Except for the pictures, write out all the records that follow exactly.

Content starts

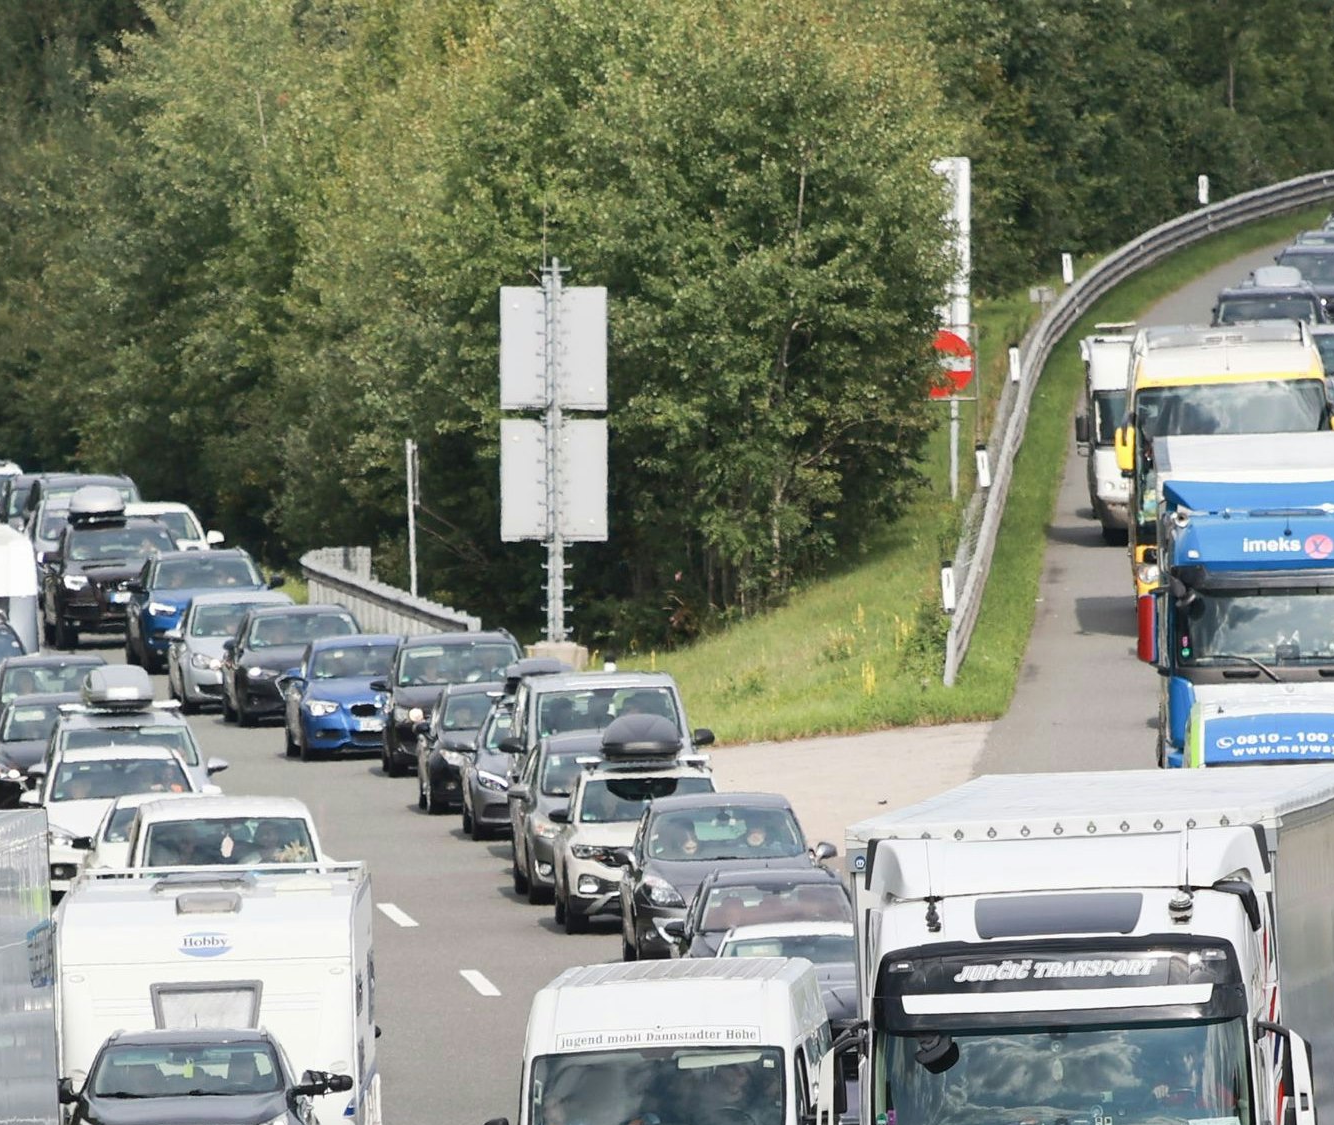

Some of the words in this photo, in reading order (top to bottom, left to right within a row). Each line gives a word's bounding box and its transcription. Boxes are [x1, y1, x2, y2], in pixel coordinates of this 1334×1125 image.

[1242, 536, 1302, 553] imeks
[1236, 733, 1280, 745] 0810
[1296, 732, 1329, 743] 100
[183, 936, 228, 948] Hobby
[1033, 959, 1158, 979] TRANSPORT
[560, 1034, 603, 1049] jugend
[607, 1032, 642, 1045] mobil
[646, 1028, 721, 1042] Dannstadter
[726, 1027, 757, 1040] Höhe

Content ends

◆ **RESULT BELOW**:
Some of the words in this photo, in reading order (top to bottom, left to right within a row). Each line gives a word's bounding box and its transcription. Boxes are [x1, y1, x2, y2], in pixel coordinates of this 1334×1125 image.

[1242, 536, 1302, 553] imeks
[1236, 733, 1280, 745] 0810
[1296, 732, 1329, 743] 100
[183, 936, 228, 948] Hobby
[1033, 959, 1158, 979] TRANSPORT
[560, 1034, 603, 1049] jugend
[607, 1032, 642, 1045] mobil
[646, 1028, 721, 1042] Dannstadter
[726, 1027, 757, 1040] Höhe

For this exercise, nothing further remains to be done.